Graphic illustrates quarterly price trends for single family homes
This graphic from the Institute for Housing Studies at DePaul University illustrates quarterly price trends for single family homes in 33 submarkets in the city of Chicago and suburban Cook County. An interactive graph and map are online at http://bit.ly/IHS_interactivegraph.
CHICAGO — As house prices rebound in all communities across Cook County, the divide between areas that are thriving and those that are struggling persists, according to the May 13 release of the Cook County House Price Index from the Institute for Housing Studies at DePaul University.
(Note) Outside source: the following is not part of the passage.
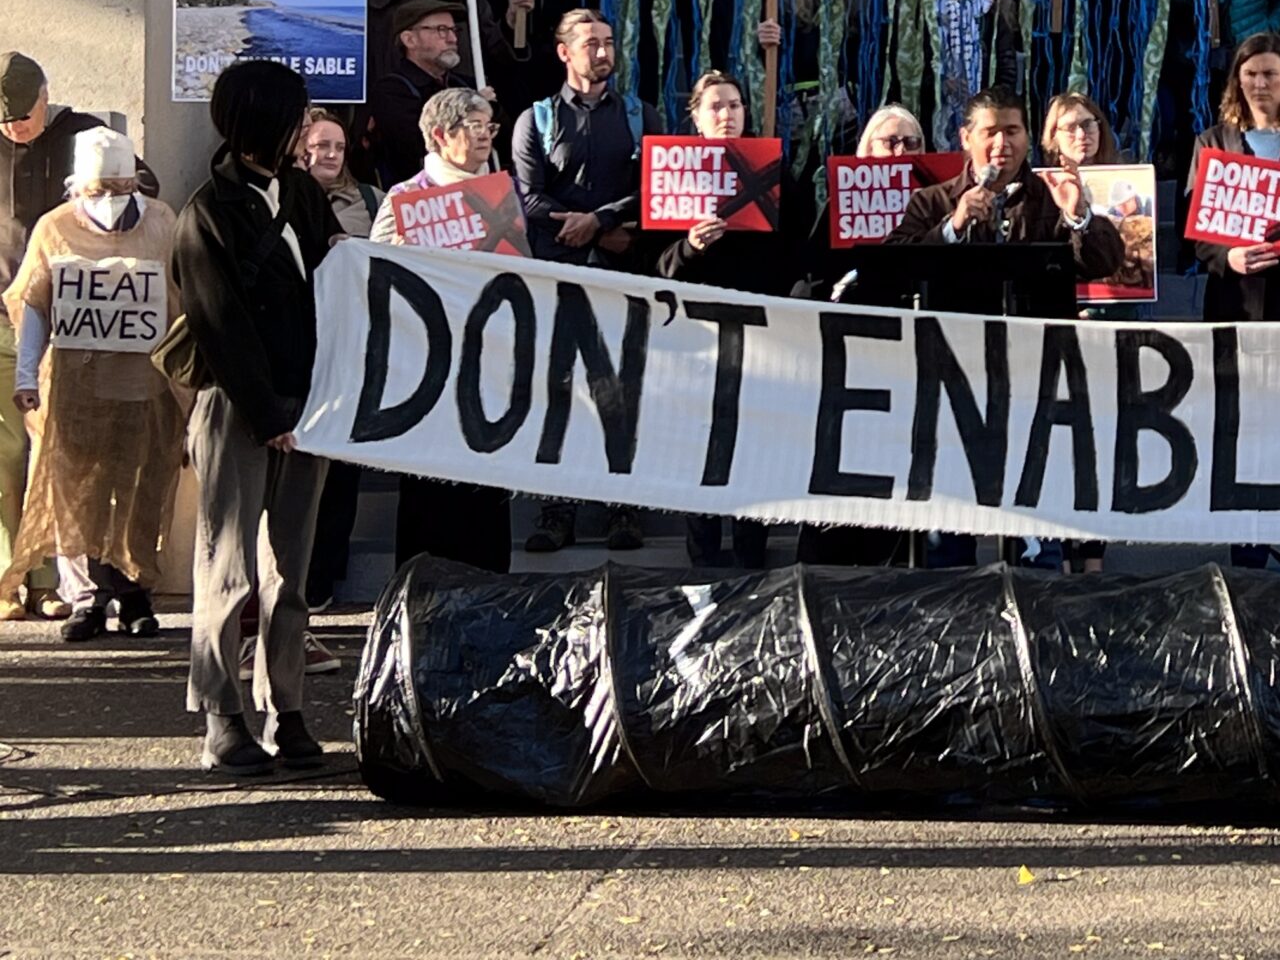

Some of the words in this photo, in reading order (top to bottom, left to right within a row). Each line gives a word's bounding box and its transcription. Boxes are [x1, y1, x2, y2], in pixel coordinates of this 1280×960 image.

This release of the Index tracts quarterly price trends for typical, non-distressed single family homes in 33 Cook County submarkets from 1997 through the fourth quarter of 2014.

Findings from the institute’s new Cook County House Price Index show that the average submarket in Cook County has seen prices of single family homes increase by 18 percent as of the fourth quarter of 2014 since hitting the bottom of the market. The strongest recoveries have been experienced in Logan Square/Avondale and Humboldt Park/Garfield Park, both of which experienced increases of over 40 percent since reaching their respective bottom points. The slowest recovery since reaching bottom was in South Chicago/West Pullman, which has seen only a modest recovery of roughly 6 percent.

Other findings show that despite recent price recoveries in all markets, most communities are still dealing with the legacy of the foreclosure crisis. On average, prices of single family homes in Cook County communities were 30 percent lower in the fourth quarter of 2014 than they what they were at the peak of the market in early 2007. Prices in Englewood/Great Grand Crossing were 63 percent lower in the fourth quarter than at peak levels, and prices Humboldt Park/Garfield Park, despite the recent strong gains mentioned above, remain nearly 60 percent less than they were at the market peak. However, other communities in Cook County have come close to a full price recovery. Prices in Lincoln Park/Lakeview and Lincoln Square/North Center are effectively back to peak price levels.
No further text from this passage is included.